[Data extracted from a collection]
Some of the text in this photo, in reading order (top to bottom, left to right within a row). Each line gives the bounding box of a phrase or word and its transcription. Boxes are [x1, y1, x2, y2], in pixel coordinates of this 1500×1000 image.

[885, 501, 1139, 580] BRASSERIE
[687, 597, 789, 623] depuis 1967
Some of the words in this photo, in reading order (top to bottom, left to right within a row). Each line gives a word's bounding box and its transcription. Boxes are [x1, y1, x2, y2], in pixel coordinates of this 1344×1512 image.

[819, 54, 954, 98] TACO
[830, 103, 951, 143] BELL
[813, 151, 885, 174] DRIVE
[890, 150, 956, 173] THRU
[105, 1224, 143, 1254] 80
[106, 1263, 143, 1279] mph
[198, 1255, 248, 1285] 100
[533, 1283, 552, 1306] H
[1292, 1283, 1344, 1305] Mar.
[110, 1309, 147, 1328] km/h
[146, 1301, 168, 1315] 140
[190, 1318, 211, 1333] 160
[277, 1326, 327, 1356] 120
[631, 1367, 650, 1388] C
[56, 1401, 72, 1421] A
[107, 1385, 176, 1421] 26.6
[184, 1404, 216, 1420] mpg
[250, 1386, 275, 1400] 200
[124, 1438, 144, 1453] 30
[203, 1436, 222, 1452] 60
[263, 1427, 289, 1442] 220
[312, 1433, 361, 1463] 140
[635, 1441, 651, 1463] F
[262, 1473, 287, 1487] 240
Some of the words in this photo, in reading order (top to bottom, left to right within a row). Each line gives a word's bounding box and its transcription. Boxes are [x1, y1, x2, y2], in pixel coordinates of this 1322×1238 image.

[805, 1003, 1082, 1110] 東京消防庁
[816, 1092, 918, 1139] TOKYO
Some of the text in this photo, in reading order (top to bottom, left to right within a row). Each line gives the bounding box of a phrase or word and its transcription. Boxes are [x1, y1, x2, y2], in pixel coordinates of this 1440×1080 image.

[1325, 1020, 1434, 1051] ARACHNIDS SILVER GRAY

» **What needs to be done**:
Copy the entries above exactly. Miss none of them.

» **Answer to the problem**:
Some of the text in this photo, in reading order (top to bottom, left to right within a row). Each line gives the bounding box of a phrase or word and its transcription. Boxes are [x1, y1, x2, y2], in pixel coordinates of this 1500×1000 image.

[885, 501, 1139, 580] BRASSERIE
[687, 597, 789, 623] depuis 1967
Some of the words in this photo, in reading order (top to bottom, left to right within a row). Each line gives a word's bounding box and its transcription. Boxes are [x1, y1, x2, y2], in pixel coordinates of this 1344×1512 image.

[819, 54, 954, 98] TACO
[830, 103, 951, 143] BELL
[813, 151, 885, 174] DRIVE
[890, 150, 956, 173] THRU
[105, 1224, 143, 1254] 80
[106, 1263, 143, 1279] mph
[198, 1255, 248, 1285] 100
[533, 1283, 552, 1306] H
[1292, 1283, 1344, 1305] Mar.
[110, 1309, 147, 1328] km/h
[146, 1301, 168, 1315] 140
[190, 1318, 211, 1333] 160
[277, 1326, 327, 1356] 120
[631, 1367, 650, 1388] C
[56, 1401, 72, 1421] A
[107, 1385, 176, 1421] 26.6
[184, 1404, 216, 1420] mpg
[250, 1386, 275, 1400] 200
[124, 1438, 144, 1453] 30
[203, 1436, 222, 1452] 60
[263, 1427, 289, 1442] 220
[312, 1433, 361, 1463] 140
[635, 1441, 651, 1463] F
[262, 1473, 287, 1487] 240
Some of the words in this photo, in reading order (top to bottom, left to right within a row). Each line gives a word's bounding box and its transcription. Boxes are [x1, y1, x2, y2], in pixel coordinates of this 1322×1238 image.

[805, 1003, 1082, 1110] 東京消防庁
[816, 1092, 918, 1139] TOKYO
Some of the text in this photo, in reading order (top to bottom, left to right within a row). Each line gives the bounding box of a phrase or word and its transcription. Boxes are [x1, y1, x2, y2], in pixel coordinates of this 1440×1080 image.

[1325, 1020, 1434, 1051] ARACHNIDS SILVER GRAY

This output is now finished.